Contenu externe

Le contenu suivant a été fourni par des partenaires externes. Nous ne pouvons ainsi pas garantir son accessibilité à tous les utilisateurs.

Les nouveaux rentiers devraient recevoir 70 francs de plus par mois. Les couples recevraient 226 francs. Le Conseil des Etats a adopté mardi par 27 voix contre 17 cette mesure de compensation qui devrait permettre de maintenir le niveau des rentes.

"Nous avons accepté lundi soir de baisser le taux de conversion LPP de 6,8%, à 6%. Ca veut dire que les rentes vont baisser de 12%. Or, nous voulons tous que les rentes restent stables", a expliqué Konrad Graber (PDC/LU).

La solution des sénateurs: compenser cette perte dans l'AVS. Tous les nouveaux rentiers devraient donc recevoir 70 francs de plus par mois. Le plafond pour les couples mariés serait lui relevé de 150 à 155%, soit une augmentation mensuelle de 226 francs.
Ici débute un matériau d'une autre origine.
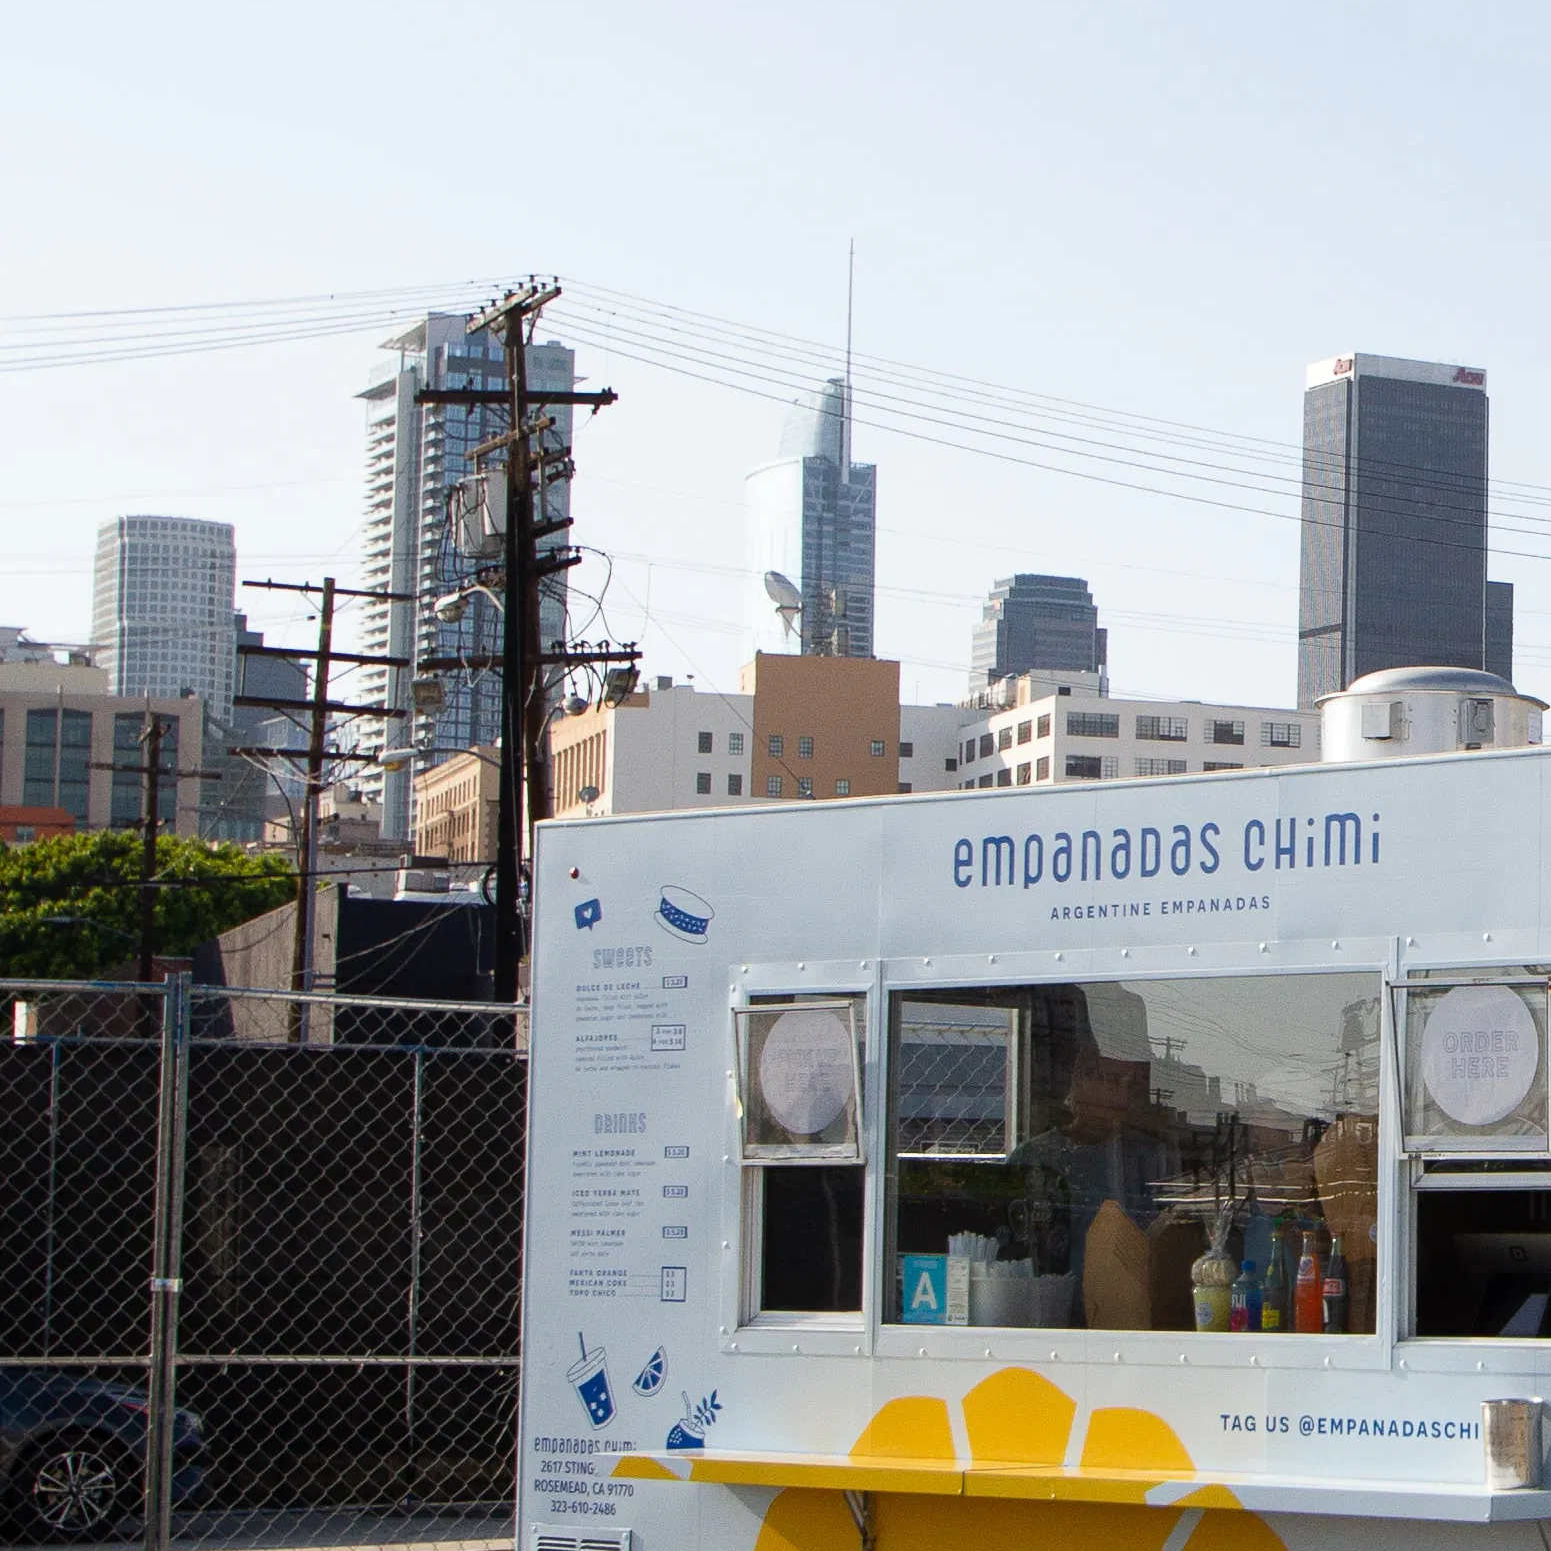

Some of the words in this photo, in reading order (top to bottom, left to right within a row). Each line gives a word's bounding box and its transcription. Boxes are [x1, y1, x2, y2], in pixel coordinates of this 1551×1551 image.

[1049, 902, 1151, 921] ARGENTINE
[1160, 895, 1269, 916] EMPANADAS
[1442, 1029, 1519, 1053] ORDER
[1450, 1056, 1510, 1079] HERE
[573, 1149, 591, 1157] MINT
[595, 1149, 635, 1157] LEMONADE
[572, 1189, 590, 1197] ICED
[570, 1229, 593, 1237] MESSI
[569, 1269, 593, 1277] FANTA
[596, 1269, 628, 1277] ORANGE
[569, 1279, 603, 1287] MEXICAN
[606, 1279, 627, 1287] COKE
[911, 1271, 938, 1310] A
[569, 1289, 590, 1297] TOPO
[592, 1289, 616, 1297] CHICO
[1219, 1413, 1256, 1433] TAG
[1265, 1415, 1289, 1434] US
[1298, 1414, 1478, 1440] @EMPANADASCHI
[540, 1460, 562, 1474] 2617
[564, 1461, 597, 1476] STING
[534, 1479, 590, 1496] ROSEMEAD,
[592, 1481, 605, 1496] CA
[606, 1482, 635, 1498] 91770
[550, 1499, 617, 1517] 323-610-2486
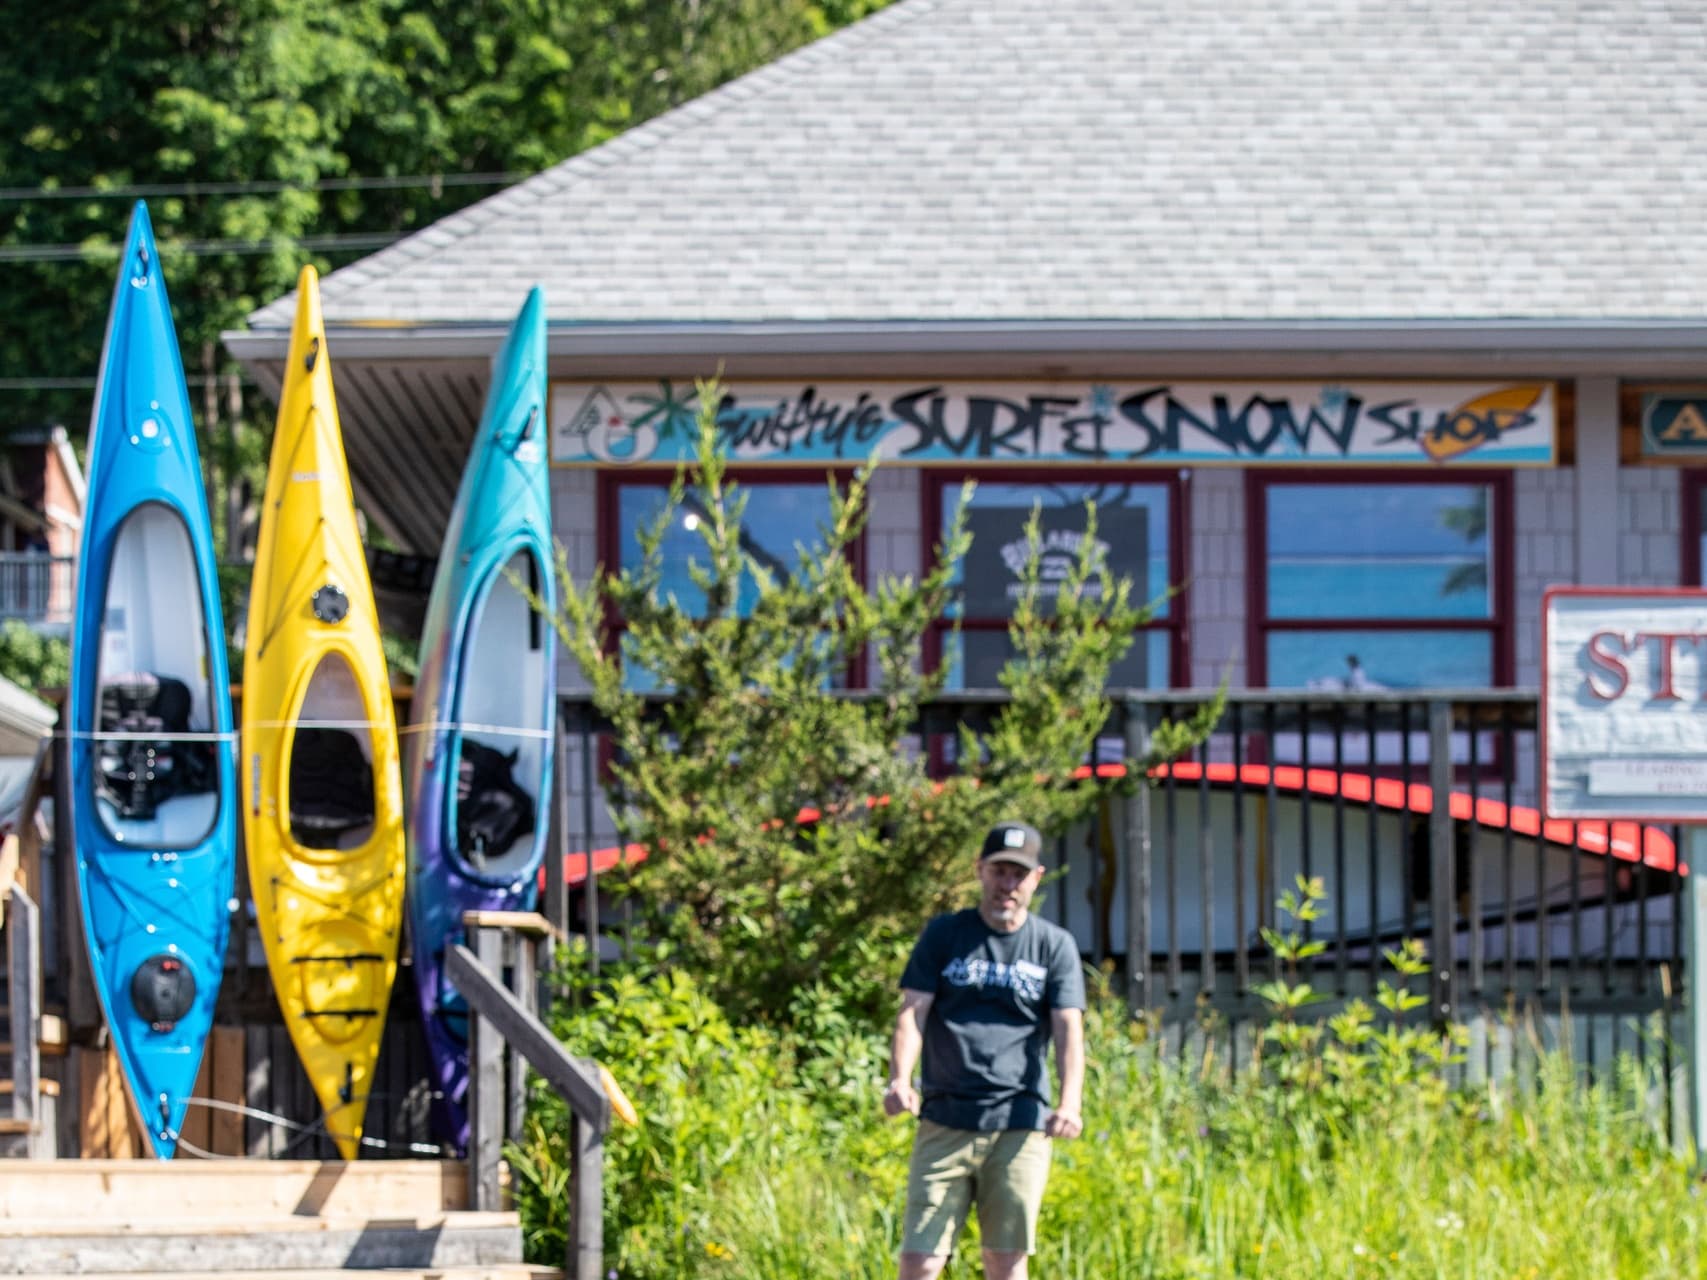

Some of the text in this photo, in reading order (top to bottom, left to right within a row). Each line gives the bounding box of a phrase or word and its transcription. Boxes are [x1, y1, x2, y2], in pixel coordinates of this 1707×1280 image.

[891, 386, 1079, 457] SURF
[1119, 386, 1364, 458] SNOW
[1366, 400, 1537, 446] SHOP
[1586, 632, 1707, 700] ST
Pour les rentes minimales, 70 francs représentent 6% de plus par mois.

Il s'agit d'un élément central de la réforme, qui devrait permettre de faire passer les coupes auprès des bas salaires, a martelé Urs Schwaller (PDC/FR), au nom de la commission.

Le Conseil des Etats a préféré cette solution rapidement applicable à celle du Conseil fédéral. Elle prévoyait de compenser la baisse du taux de conversion LPP dans le même pilier, à travers notamment la suppression de la déduction de coordination ou l'adaptation des bonifications de vieillesse.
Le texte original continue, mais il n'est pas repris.